Acompli was first released on April 25, 2014, for iOS. An Android version was released in September 2014. On November 26, 2014, an incomplete post on its official blog prematurely revealed that Acompli had been acquired by Microsoft. The acquisition, valued at over $200 million (~$ in ), was officially announced on December 1, 2014. Rajesh Jha, vice president of Microsoft's Outlook division, stated that "We’re excited about what’s possible as we build on the app’s success and bring it together with work currently in progress by the Outlook team." Soltero assured users that the Acompli app would not be discontinued, and would continue to receive regular updates. On January 29, 2015, Acompli was re-branded as Outlook Mobile, uniting it with one of its original influences.

==Purpose==
The goal of Acompli was for users to be able to experience, on a mobile device, the full email functionality that a desktop computer normally provides. This mobile application's "innovation is its focus on bringing multiple features like calendaring, contacts, and file management into the application to ease the pain of application switching."

==Features==
Engadget reported that Acompli featured "three integrated hubs: "Calendar," "Files" and "People," each with its own tab at the bottom of the screen," which eliminates the issue of app switching. Acompli prioritized email messages in order of importance and provides an integrated calendar view. Priority was given to the response rate to a particular contact and emails from frequently replied contacts were termed "Focused" messages. Users were able to delete emails by swiping their dominant thumb from right to left halfway across the screen. The mobile app also associated with other cloud storage platforms, including Dropbox, in addition to Google Drive and OneDrive (SkyDrive). Ryan Lawler of TechCrunch stated that Acompli "adds file management and scheduling directly into your inbox". Moreover, "calendaring and location sharing is built right into new email composition." Acompli supported "Microsoft Exchange, Office 365, Google Apps, Gmail, iCloud, Yahoo, Outlook.com, Hotmail, MSN and Live." In order to find a desired email, Acompli users were able to use "smart filters". This mobile application did this by sending one's "emails, appointments, files and contacts through its own servers to deliver all that data to your device and to make it searchable". Joel Mathis in Macworld wrote that Acompli allowed people to "browse all email attachments in the attachments list, and send them from your mobile inbox even if the file wasn’t downloaded to the phone." Acompli also had an autocomplete feature.

==Reception==
Acompli received mostly positive reception: James Kendrick of ZDNet considered the app a "must-have" for bring your own device scenarios, citing its focused inbox, convergence, and support for both personal and business-oriented e-mail platforms. However, he felt that the calendar was not "fancy", and lacked different view modes. Noting its level of support for Gmail, quicker deletion gesture, along with its "clean approach" to filtering through emails and other content, Engadget argued that Acompli "can be a speedy and powerful tool if you're willing to take the time to learn its nuances."

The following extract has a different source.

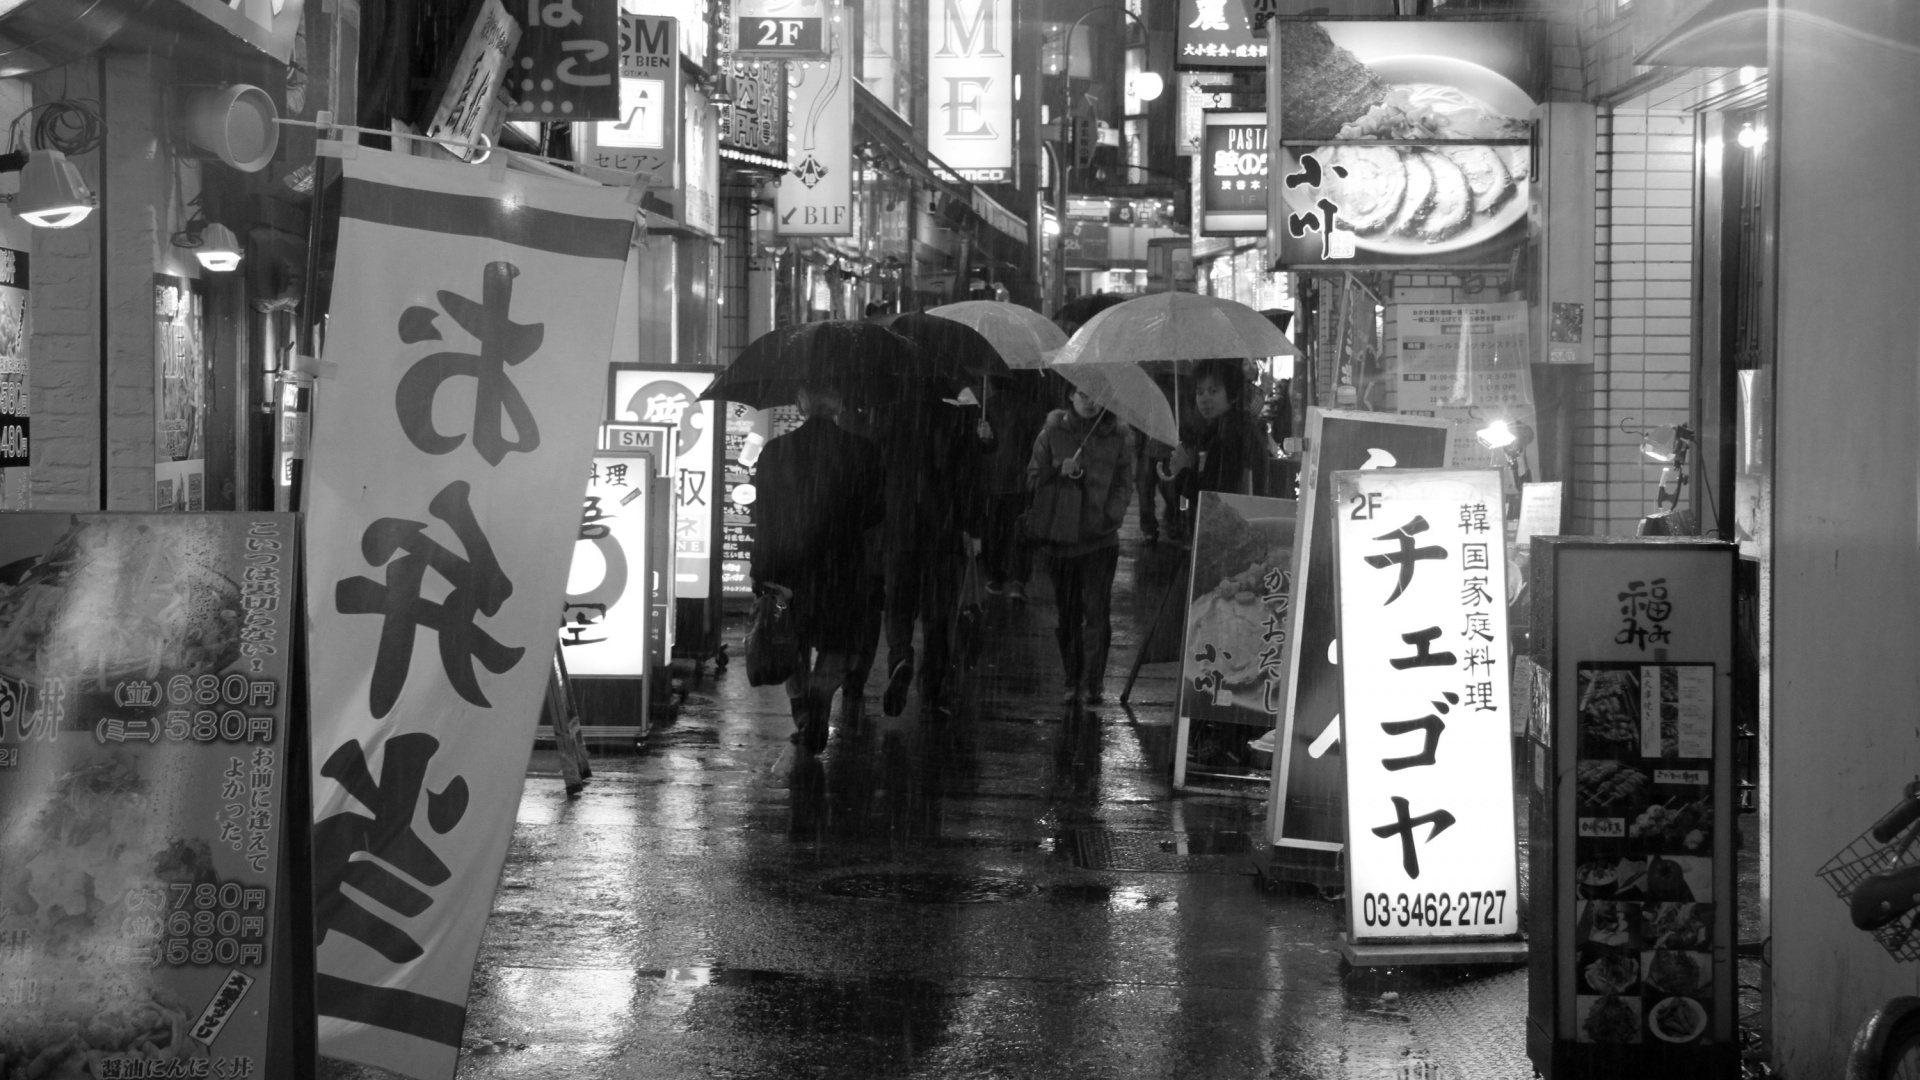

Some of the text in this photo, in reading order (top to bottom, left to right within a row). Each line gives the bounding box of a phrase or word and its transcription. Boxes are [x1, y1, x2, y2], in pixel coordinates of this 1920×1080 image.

Jordan Novet of VentureBeat wrote that "app, which pulls in calendar and contact information and files to help people get more done on their mobile devices, had catapulted to the No. 9 slot in the free productivity-app section of the app store" as of 25 April 2014. Joshua Brustein in Bloomberg Businessweek, has written that due to Microsoft's absence from the iPad, programmes like Acompli and Evernote have been successful. Jeremy Schoemaker stated that Acompli has been "an absolute game changer".

On the day of its release, Acompli quickly reached the top 10 free "Productivity" apps on the iOS App Store.

==Funding==
Re/code, in addition to VentureBeat, reported that Acompli "has raised $7.3 million in funding led by Redpoint Ventures, with Harrison Metal and Felicis Ventures."

==Team==
At the time of acquisition by Microsoft, Acompli had a relatively small team of 21.
1. Javier Soltero – CEO
2. Kevin Henrikson – VP Of Engineering
3. JJ Zhuang – CTO
4. Jiho Hahm
5. Tamara Steffens – SVP, Business Development
6. Brayn Sawler
7. Mike Deeks
8. Elisabeth Miles
9. Ogden Kent
10. Doug Kent
11. Vishwesh Jirgale
12. Abhinav Mishra
13. Sarang Vyas
14. Swapnil Jadhav
15. Andreas Homer
16. Peter Farago - CMO
17. Vipul Solanki
18. Patrick Brennan
19. Jon Travis
20. Keith Lazuka
21. Eddie Kim

== See also ==

- List of most downloaded Android applications
- Mailbox (application)
- Microsoft Outlook (mobile app)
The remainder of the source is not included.